Surely if the rename was in its own patchset with little to no edits,
it would always be detected?

We could then do the heavy editing on the newly-named files a follow-
up patchset which presumably can then be diffed against the original
file on an earlier patchset. Or am I misunderstanding the way
patchsets interact with git?

>
> -Martin

Martin Fick

unread,
Jul 25, 2011, 12:18:25 PM7/25/11
to repo-d...@googlegroups.com
On Monday 25 July 2011 10:02:23 am Ash wrote:
> On Jul 25, 4:36 pm, Martin Fick <mf...@codeaurora.org>
wrote:
> > On Monday 25 July 2011 08:39:57 am Ash wrote:
> > > There were a few edits to file that was renamed,
> > > perhaps enough to go over the rename-detection
> > > threshold.
> >
> > Gerrit and git do not share the exact same threshold.
> > There is not much you can do about this.
>
> I have access to the server and I'm happy to tweak server
> settings or code if need be.

No Gerrit settings that I know of. You would have to look
at the jgit code to figure it out. I am not sure why it
matters, there will always be times when they are not
caught, even in cgit. It is just a heuristic.
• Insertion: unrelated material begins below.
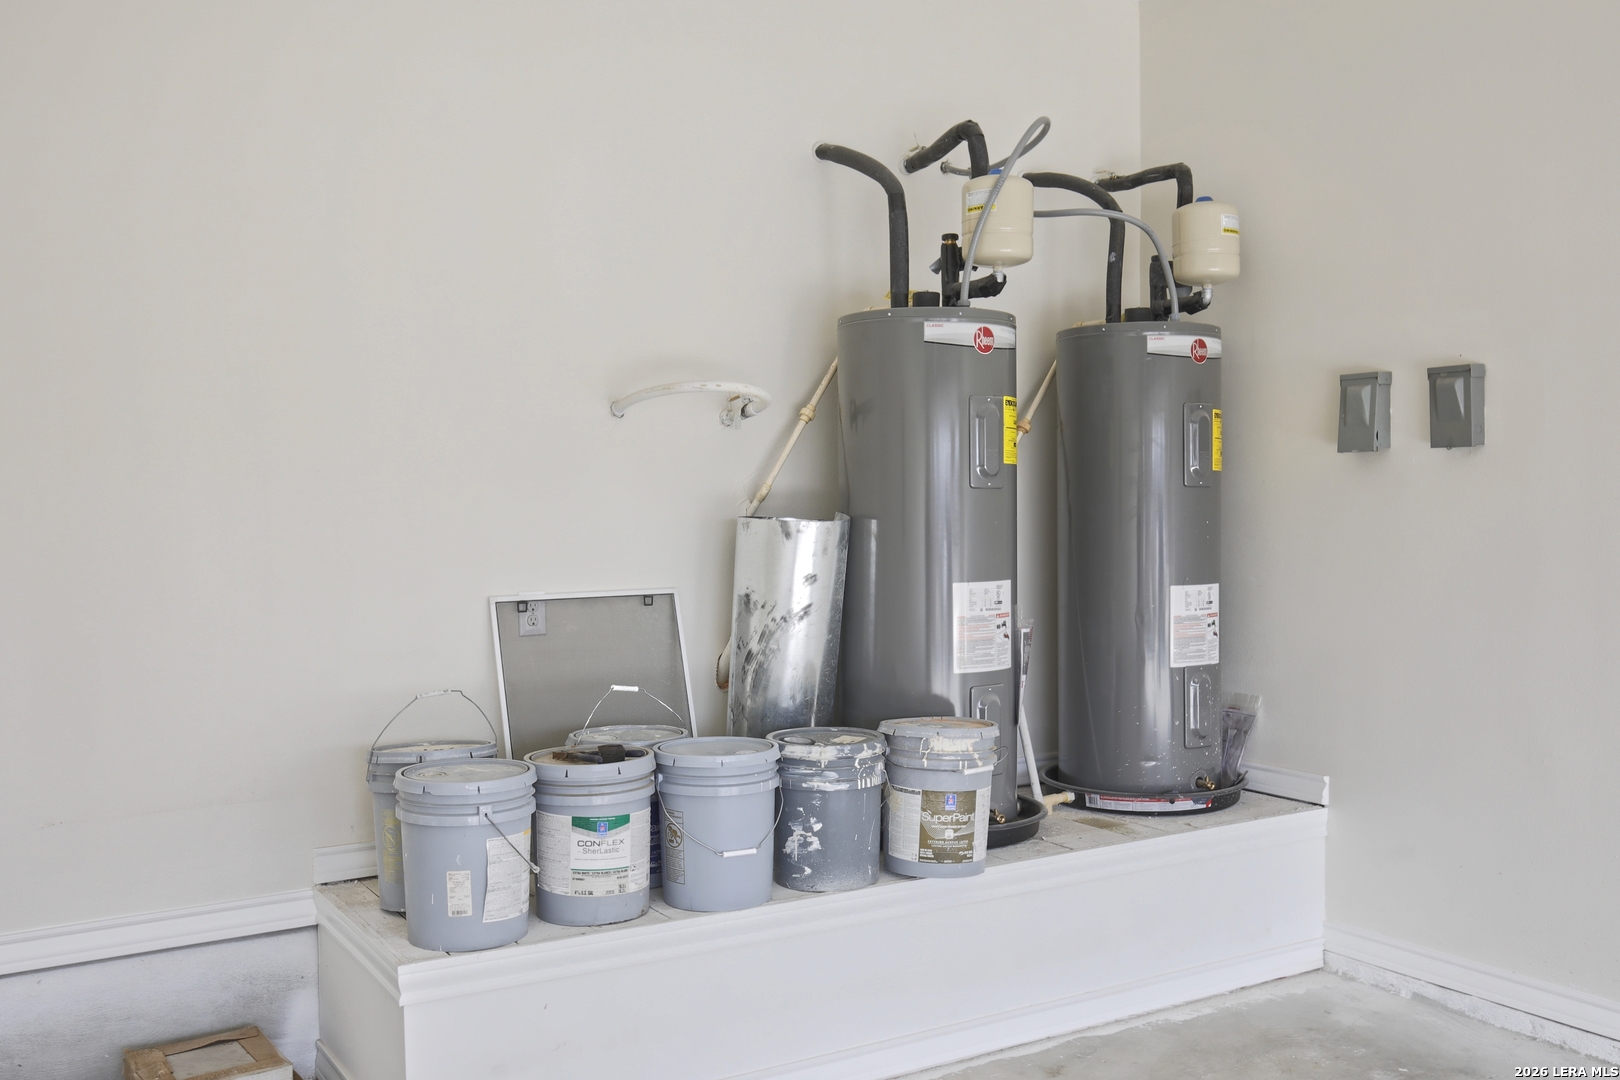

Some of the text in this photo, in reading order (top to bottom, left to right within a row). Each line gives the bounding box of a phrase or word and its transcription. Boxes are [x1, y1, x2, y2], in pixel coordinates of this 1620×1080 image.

[975, 326, 994, 349] Rheem
[921, 811, 975, 824] SuperPaint
[577, 838, 625, 847] CONFLEX
[582, 847, 620, 855] SherLastic
> > > > You can always upload a new patch set where you've
> > > > undone the changes, e.g. by renaming the file back
> > > > to the original name and amend the commit. But this
> > > > should not be necessary.
> > >
> > > So if the bad patchset was patchset 5 "PS5" (which
> > > was responding to comments in PS4):
> > > 1. go back two patchsets (PS4), push to gerrit
> > > (presumably I have to do a git commit -amend so its
> > > gets a new SHA1)
> > > 2. do the rename, commit, immediately push (this
> > > becomes a new patchset PS6 that will show the rename)
> > > 3. redo the edits from PS5, commit, push (this
> > > becomes PS7) 4. diff the new PS7 against PS4 in order
> > > to see the original comments against which he made
> > > changes (in the original PS5)
> > >
> > > Ouch! If only there was some way to discard a pushed
> > > patchset!
> >
> > Separate patchsets isn't going to help, you would need
> > separate commits (changes) to force detection.
>
> Surely if the rename was in its own patchset with little
> to no edits, it would always be detected?
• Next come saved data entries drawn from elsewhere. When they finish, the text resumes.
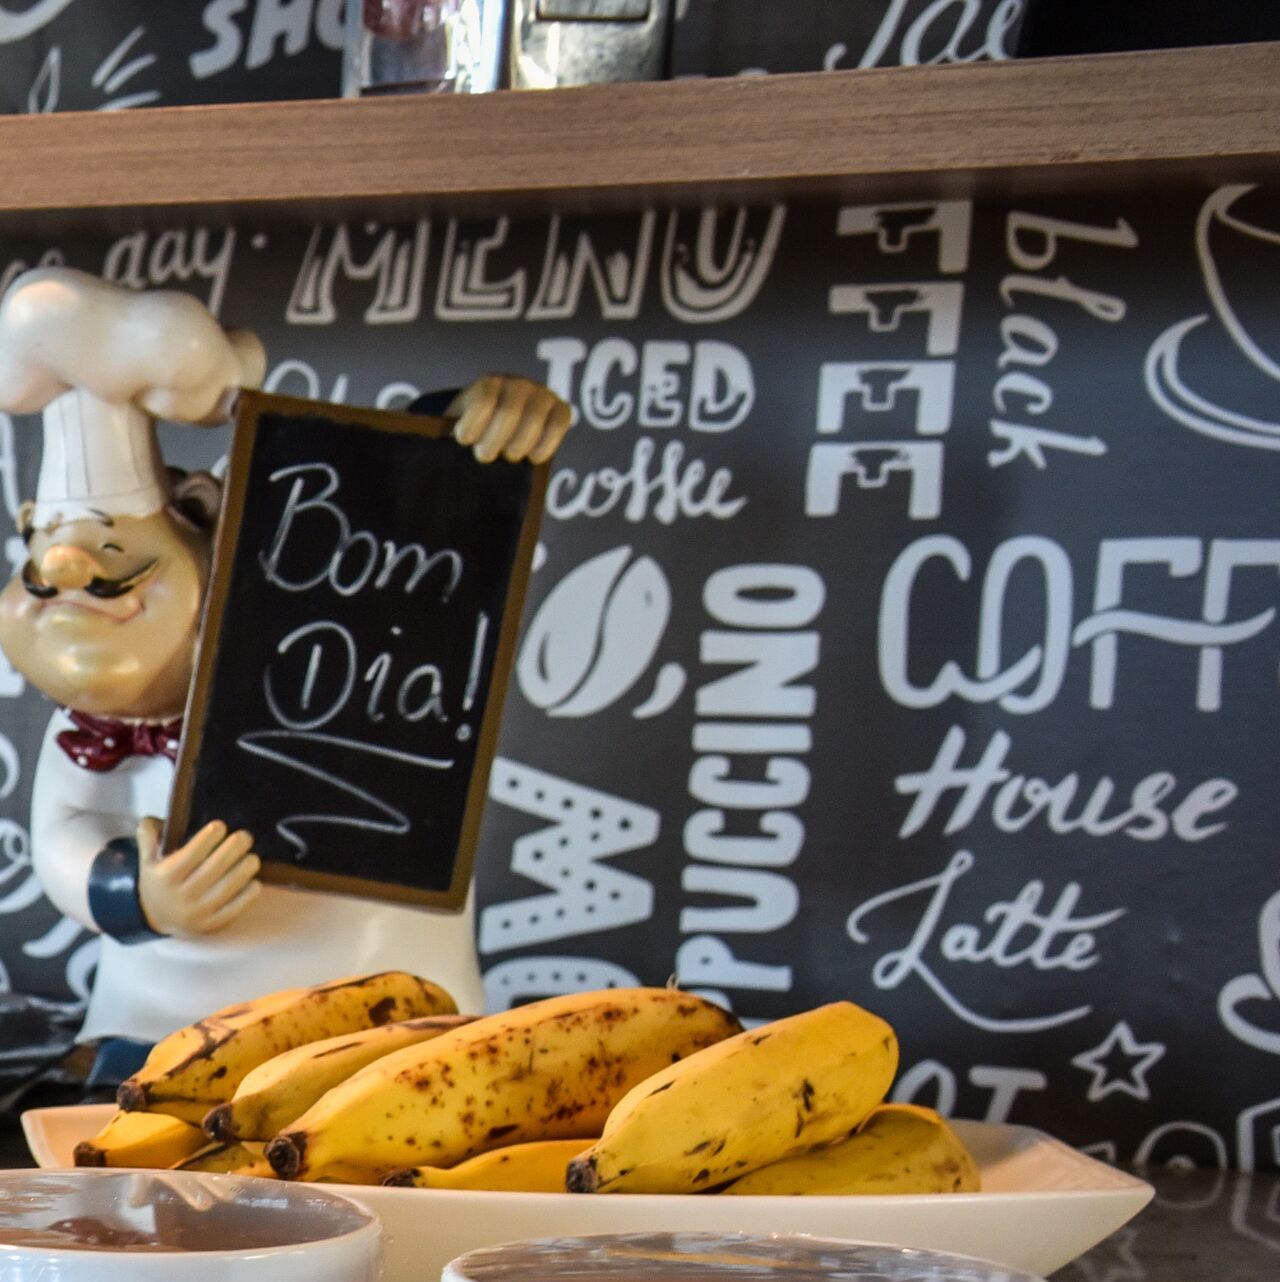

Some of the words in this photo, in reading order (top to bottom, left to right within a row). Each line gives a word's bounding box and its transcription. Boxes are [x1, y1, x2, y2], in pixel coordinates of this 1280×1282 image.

[285, 203, 787, 324] MENU
[534, 335, 757, 433] ICED
[986, 210, 1139, 471] black
[258, 462, 464, 604] Bom
[543, 436, 748, 524] coffee
[262, 611, 490, 742] Dia!
[894, 724, 1239, 842] House
[845, 848, 1131, 1035] Latte
Yes, but patchsets replace each other, it will serve no
purpose if it is detected in a previous patchset. That's
why I said that you want it in a separate change. Are you
confusing patchsets and changes?

-Martin

--
Employee of Qualcomm Innovation Center, Inc. which is a
member of Code Aurora Forum

Ash

unread,
Jul 25, 2011, 12:29:38 PM7/25/11
to Repo and Gerrit Discussion


On Jul 25, 5:18 pm, Martin Fick <mf...@codeaurora.org> wrote:
> On Monday 25 July 2011 10:02:23 am Ash wrote:
>
> > On Jul 25, 4:36 pm, Martin Fick <mf...@codeaurora.org>
> wrote:
> > > On Monday 25 July 2011 08:39:57 am Ash wrote:
> > > > There were a few edits to file that was renamed,
> > > > perhaps enough to go over the rename-detection
> > > > threshold.
>
> > > Gerrit and git do not share the exact same threshold.
> > > There is not much you can do about this.
>
> > I have access to the server and I'm happy to tweak server
> >  settings or code if need be.
>
> No Gerrit settings that I know of.  You would have to look
> at the jgit code to figure it out.  I am not sure why it
> matters, there will always be times when they are not
> caught, even in cgit.  It is just a heuristic.
>

If gerrit doesn't detect a rename, it doesn't display a diff against
the original file making it very difficult to see the original
comments and what changes were actually made in response to a code
review.

It's just an heuristic in git but when it breaks down it means you
lose file history which is one of the main points of using a SCM.
Patchsets don't "replace each other" while a review is ongoing - the
inter-patchset diffs are important to seeing what has changed in an
ongoing review. Without rename -detection, you have no diffs. Indeed,
I have no diffs and it's quite frustrating.

Ash

unread,
Jul 26, 2011, 5:42:36 AM7/26/11
to Repo and Gerrit Discussion, Ash
So it turns out that I'm a silly boy and the rename was detected, but
only when diffing the rename patchset against the immediately-previous
patchset, whereas gerrit by default compares it against patchset 1
which doesn't show the review.

The question still remains, since this renames are often just one
patchset amongst multiple edits, in the final merge, they will be
swallowed within one commit and therefore the rename detection (jgits
or "C git") will almost certainly get lost. I'm interested to know
what the community usually does to mitigate this?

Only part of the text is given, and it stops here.